When I started building; Monogram, Revell, Lindberg and a few other companies were just starting to standardize their scales. So the most normal thing to me was to see fighters in 1/48th and bombers in 1/72; that defined most of what I built. For whatever reason, I developed a particular fondness for 1/48th. That scale is sometimes called “quarter scale” (which is only a little confusing!) because one quarter inch of plastic equals a foot of reality. But I think as a kid the math had nothing to do with it, I just found myself most comfortable with that balance of size and detail. And as the years of my childhood hobby passed, more and more of the bigger aircraft found their way into what had become my favorite scale.

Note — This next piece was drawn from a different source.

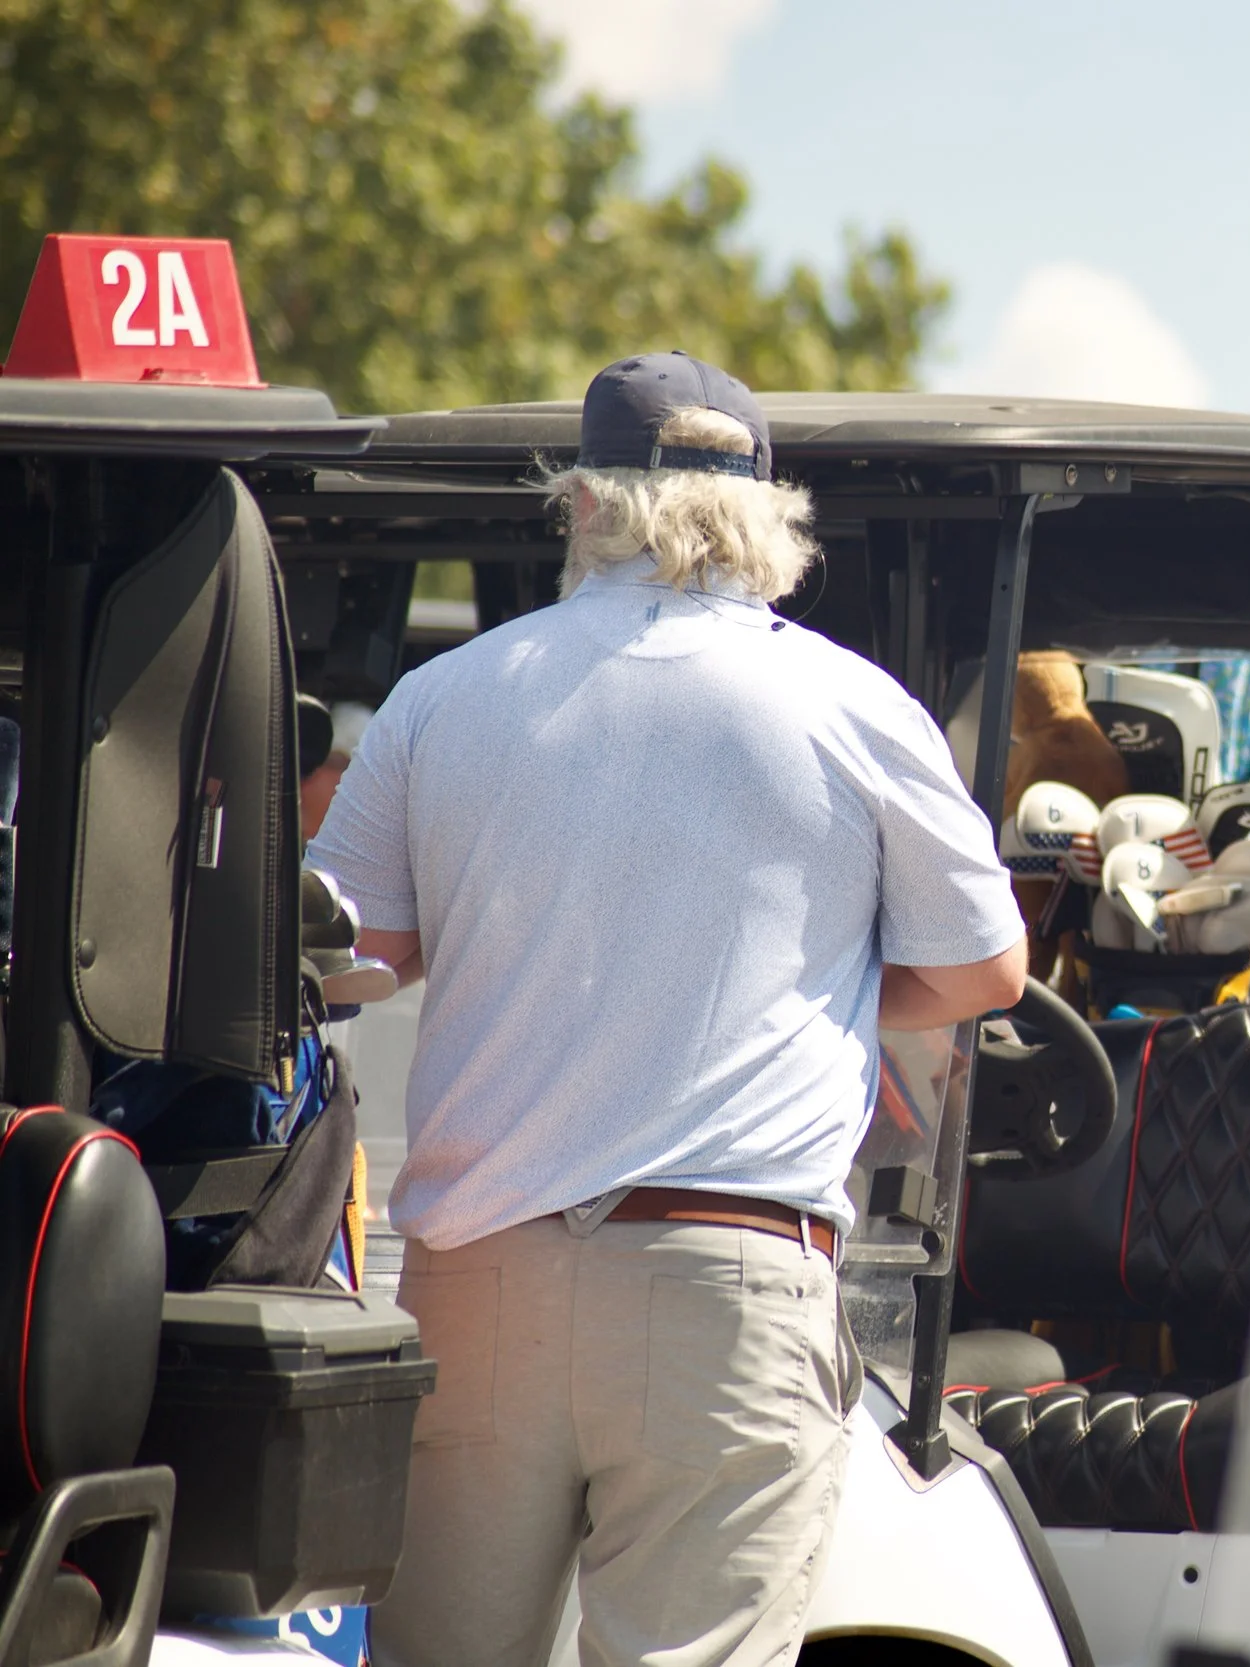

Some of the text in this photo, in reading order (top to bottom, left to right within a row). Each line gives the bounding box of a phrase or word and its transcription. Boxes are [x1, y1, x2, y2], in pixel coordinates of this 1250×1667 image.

[101, 248, 210, 347] 2A
[1047, 802, 1062, 824] 6
[1137, 858, 1152, 880] 8

When I got back into building many years later, I quickly decided I wanted all of my subjects to be scaled correctly together side by side. It is so satisfying to my obsessive little mind to see a Mustang and Thunderbolt right next to each other and know that difference in obvious mass is appropriate and as it should be. Or if I park a 1942 Ford Sedan right next to a P-40 it’s telling something about how big both objects are. I’m not really big on figure models, but many kits have some included and I’ll occasionally paint one up, in part because no scale reference is better than a human figure.
It has struck me as unfortunate that so far, I’ve passed very little benefit of that scale consistency on to my readers! So I have decided, starting here, to start showing some of these scale differences when they strike me as particularly interesting. A rule I’ve set for myself is not to include any build in this little game until its received its own post. I know its probably silly, but I would feel bad if any project of mine made its first appearance here as a background piece in some other kit’s article.

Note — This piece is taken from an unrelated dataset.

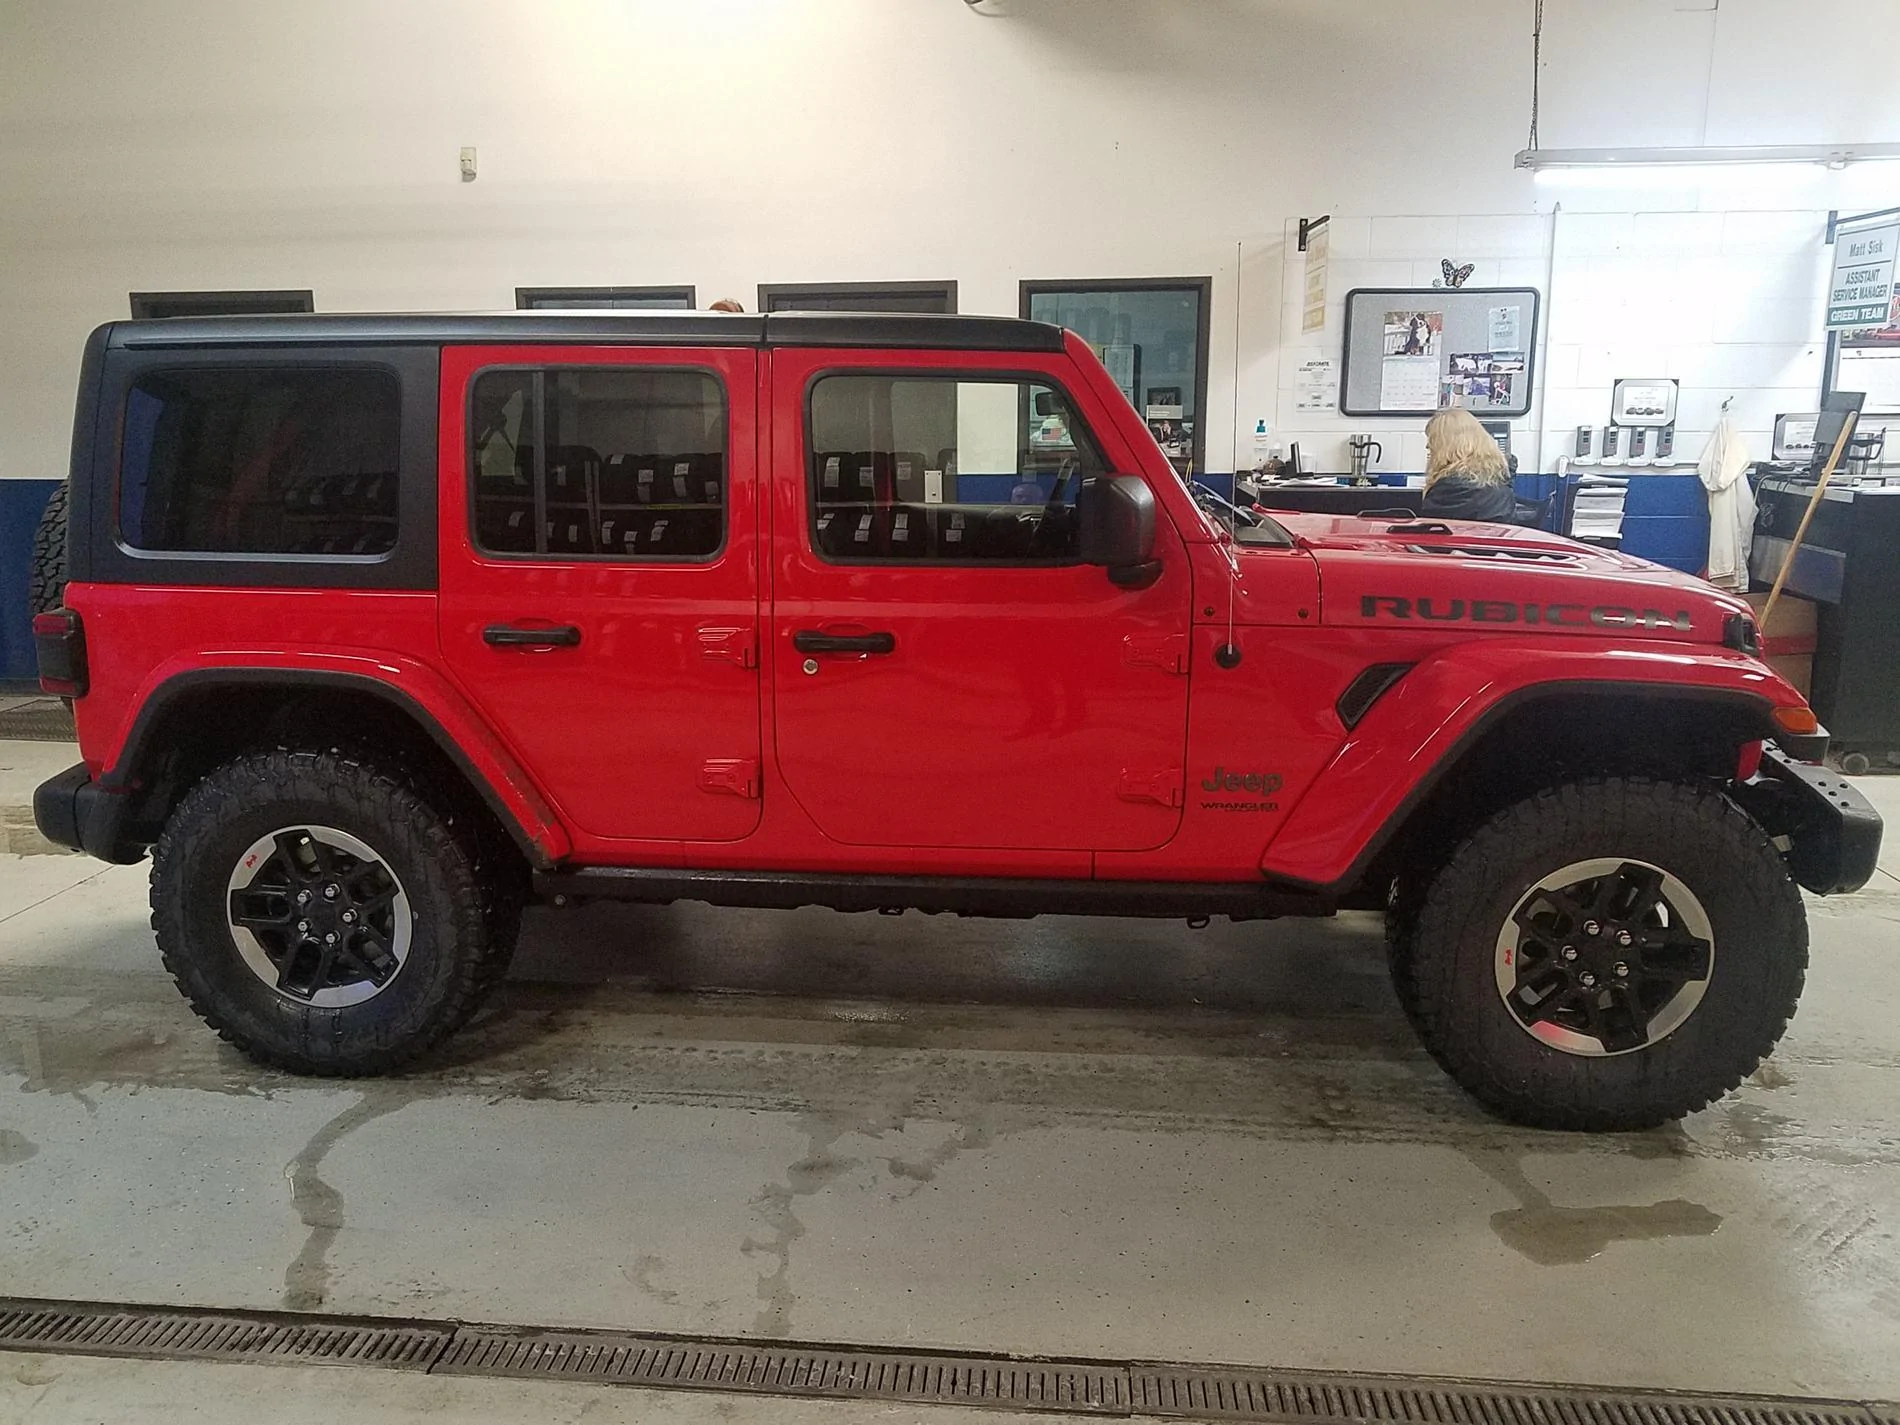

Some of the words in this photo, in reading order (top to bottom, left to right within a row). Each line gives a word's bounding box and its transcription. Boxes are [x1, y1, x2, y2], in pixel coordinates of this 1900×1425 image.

Hopefully this will add a little more visual interest to some of my pictures too. I’m not really a diorama builder, but I do often plan out which kits will sit next to each other on my shelves quite carefully. So this will be the blog version of that.
I may, eventually do some compare/contrast sort of posts too. Things like the whole family of Mustangs, or how to tell a Zeke from an Oscar. I dream big. And this is how a grown model builder plays with his toys…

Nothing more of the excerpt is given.